-- WORK ORDER --
Exact copies of all the lines below are required.

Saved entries
——————————

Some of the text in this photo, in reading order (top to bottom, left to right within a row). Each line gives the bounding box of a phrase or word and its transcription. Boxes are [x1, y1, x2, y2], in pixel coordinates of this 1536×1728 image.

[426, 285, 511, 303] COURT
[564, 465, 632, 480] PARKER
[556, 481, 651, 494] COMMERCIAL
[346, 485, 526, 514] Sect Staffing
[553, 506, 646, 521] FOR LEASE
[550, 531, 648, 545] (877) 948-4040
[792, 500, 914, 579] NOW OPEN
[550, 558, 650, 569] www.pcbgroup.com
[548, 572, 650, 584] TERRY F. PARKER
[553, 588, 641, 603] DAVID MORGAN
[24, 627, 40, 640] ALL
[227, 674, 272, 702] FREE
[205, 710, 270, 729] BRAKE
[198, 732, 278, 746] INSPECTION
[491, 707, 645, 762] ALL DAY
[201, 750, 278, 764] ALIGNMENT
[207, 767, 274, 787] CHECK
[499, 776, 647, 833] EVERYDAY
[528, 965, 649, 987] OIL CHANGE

——————————

-- EXPECTED ANSWER --
Some of the text in this photo, in reading order (top to bottom, left to right within a row). Each line gives the bounding box of a phrase or word and its transcription. Boxes are [x1, y1, x2, y2], in pixel coordinates of this 1536×1728 image.

[426, 285, 511, 303] COURT
[564, 465, 632, 480] PARKER
[556, 481, 651, 494] COMMERCIAL
[346, 485, 526, 514] Sect Staffing
[553, 506, 646, 521] FOR LEASE
[550, 531, 648, 545] (877) 948-4040
[792, 500, 914, 579] NOW OPEN
[550, 558, 650, 569] www.pcbgroup.com
[548, 572, 650, 584] TERRY F. PARKER
[553, 588, 641, 603] DAVID MORGAN
[24, 627, 40, 640] ALL
[227, 674, 272, 702] FREE
[205, 710, 270, 729] BRAKE
[198, 732, 278, 746] INSPECTION
[491, 707, 645, 762] ALL DAY
[201, 750, 278, 764] ALIGNMENT
[207, 767, 274, 787] CHECK
[499, 776, 647, 833] EVERYDAY
[528, 965, 649, 987] OIL CHANGE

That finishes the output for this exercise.